ORLANDO, FLORIDA - DECEMBER 09: Gary Trent Jr. #33 of the Toronto Raptors (Photo by Julio Aguilar/Getty Images)
ORLANDO, FLORIDA - DECEMBER 09: Gary Trent Jr. #33 of the Toronto Raptors (Photo by Julio Aguilar/Getty Images) /

Gary Trent Jr. and the Toronto Raptors were fresh off getting embarrassed against the Phoenix Suns, drawing the vitriol of head coach Nick Nurse in the process. With a home game the next day against the Phoenix Suns, the Raptors had almost no time to lick their wounds.

Even without Devin Booker and Cameron Johnson in the lineup, any team led by Chris Paul and Deandre Ayton figures to be a challenging matchup. After Phoenix retook the lead in the second quarter following another mid-game malaise on offense, Trent stepped on the accelerator and caught fire from 3-point range.

Trent was reinserted back into the starting lineup as the Raptors look to find some way to get their offense sparked, and it looked like he did the job. Trent finished the game with 35 points on 11-22 shooting and 4-11 from 3-point range as the Raptors pulled off a 113-104 victory.

The Raptors may not be the most explosive (or effective, for that matter) offense in the league, but Toronto has the potential to hang with some quality teams if they can just get some semblance of consistency from 3-point range. Trent playing well in a featured role is integral to achieving that goal.

The Toronto Raptors must feature Gary Trent Jr. prominently.

Trent came into tonight’s game only making just under 36% of his 3-point attempts, but that number is misleading for two reasons.

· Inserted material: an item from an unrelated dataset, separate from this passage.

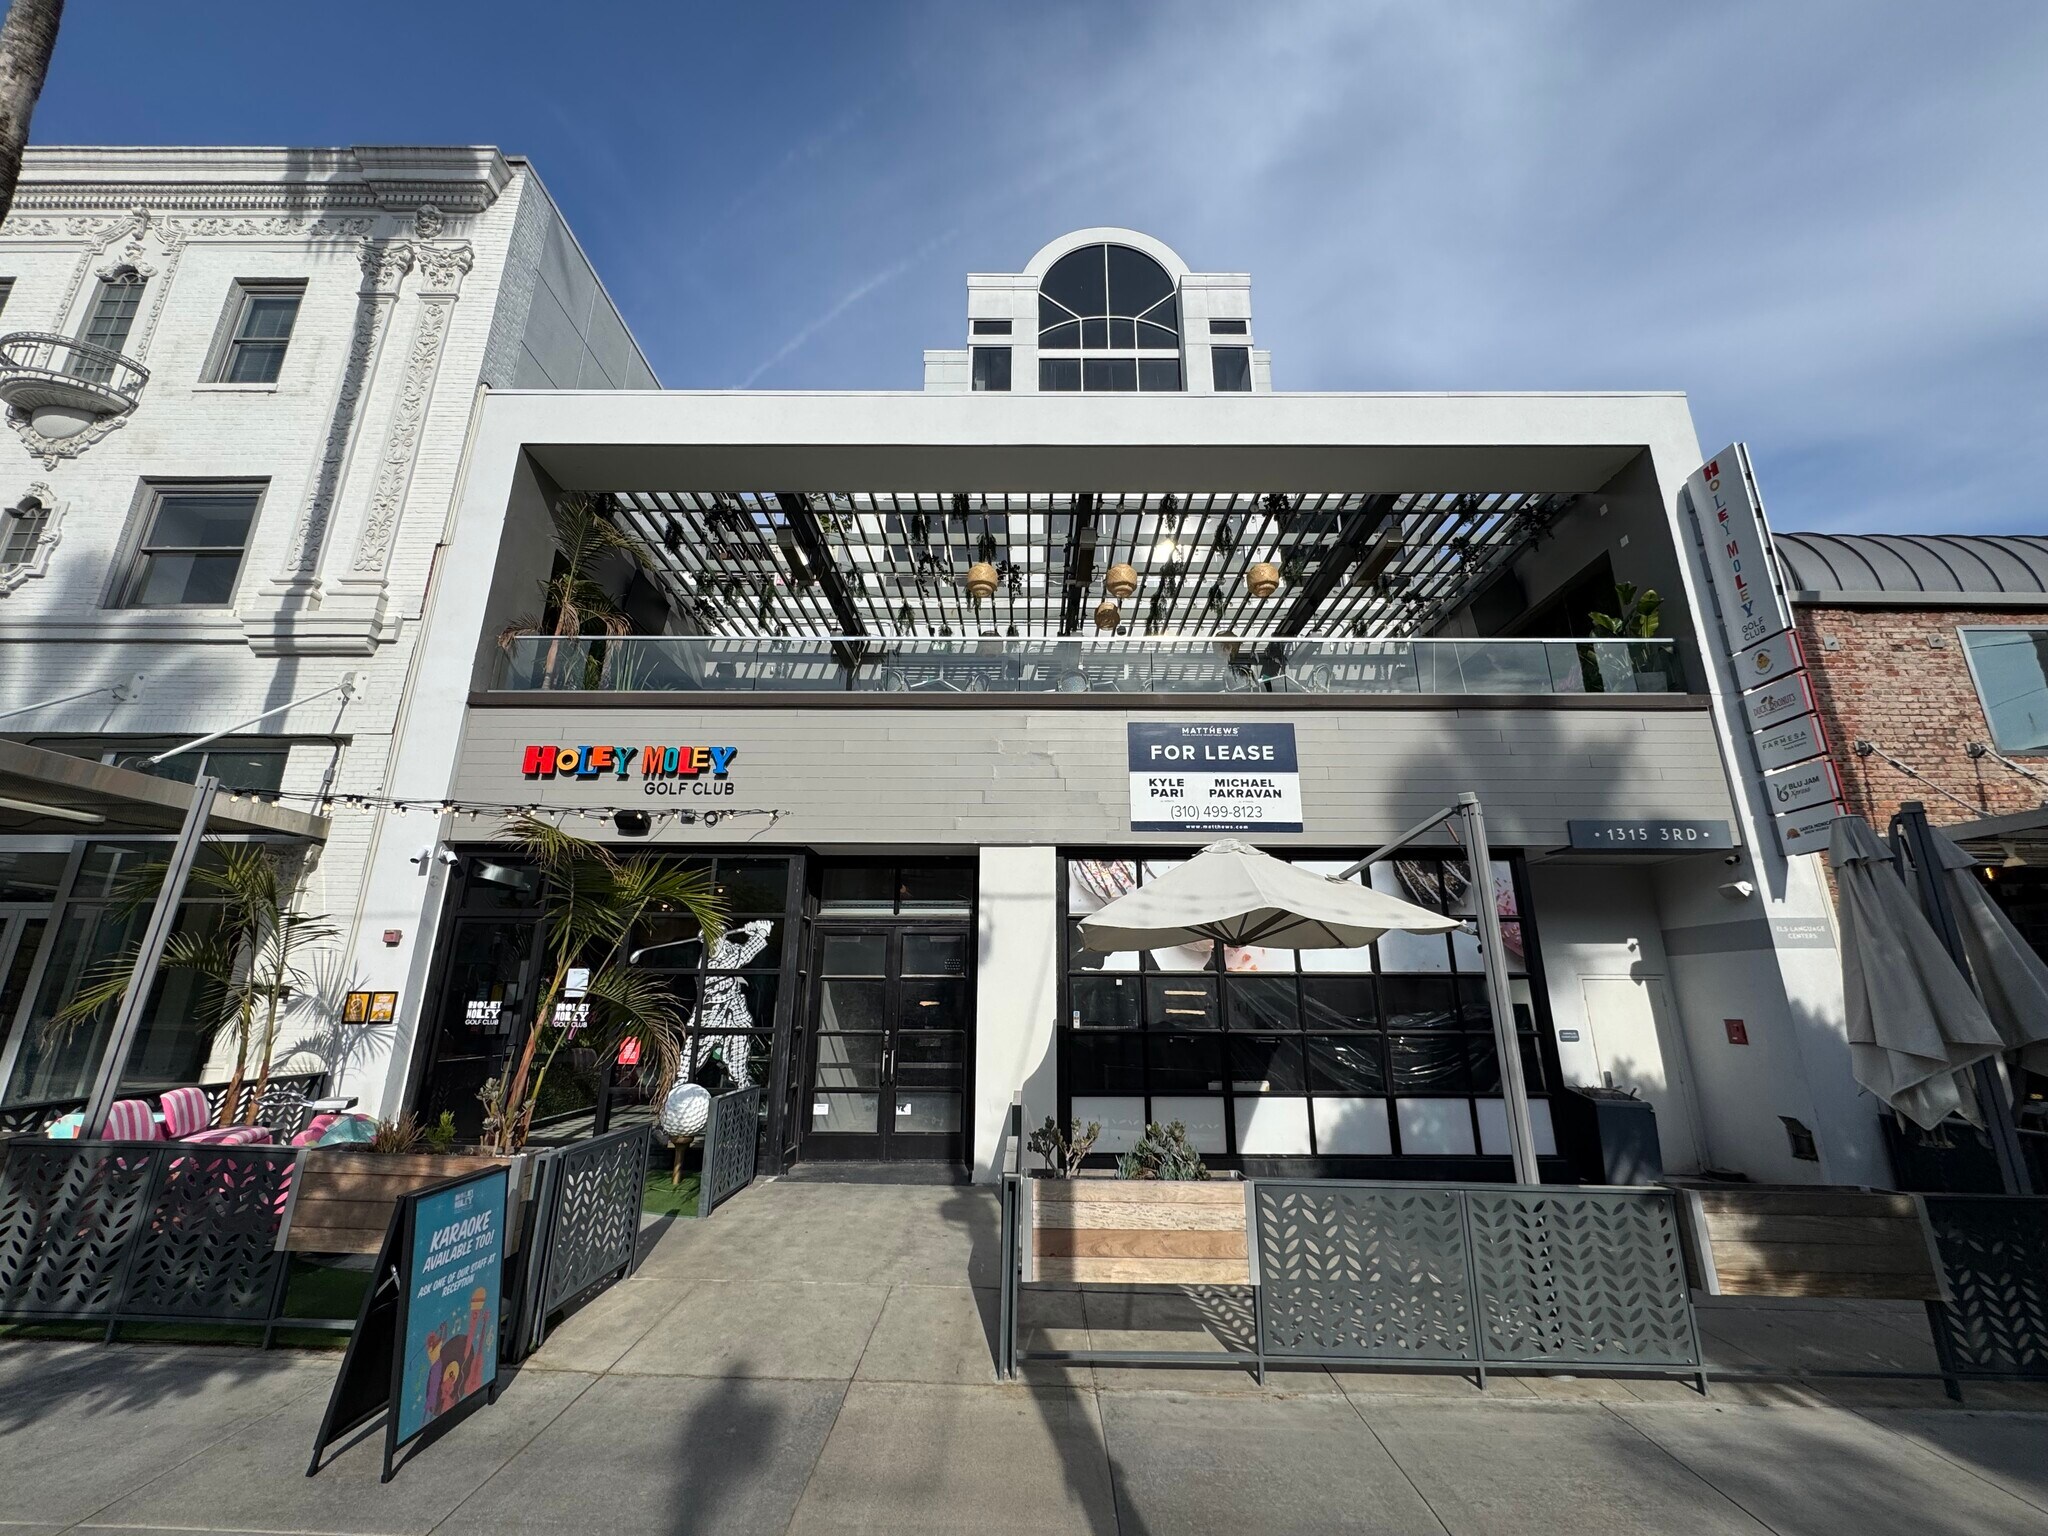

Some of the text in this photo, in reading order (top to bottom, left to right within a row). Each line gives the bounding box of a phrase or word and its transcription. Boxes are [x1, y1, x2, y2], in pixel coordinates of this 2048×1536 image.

Not only is he the best non-Malachi Flynn 3-point shooter on the team as far as percentages go, but he is making 43% of his attempts on 6.5 tries per game since his 35-point game against the Pelicans.

Even on a team that lacks perimeter shot-creators and often gives Trent some of the most pathetic spacing in the league, he has managed to score with efficiency against some quality competition. Toronto needs more players like Trent, rather than cornering the market on 6-8 power forwards to live out their defensive versatility fetish.

Trent has been a popular trade discussion point in recent weeks, as he will likely opt out of the last year of his contract and earn a very nice payday. While it makes sense to get something of value for him, can you imagine this offense without him? The Raptors would turn into a less successful version of Larry Brown’s Pistons.

The Raptors may not have fixed all their problems just yet, but the fact that they can count on Gary Trent Jr. for a few made 3-pointers every night in whatever role they ask him to fill up is such a blessing for this roster. Trent is making his case for a long-term deal in Toronto too difficult for Masai Ujiri to ignore.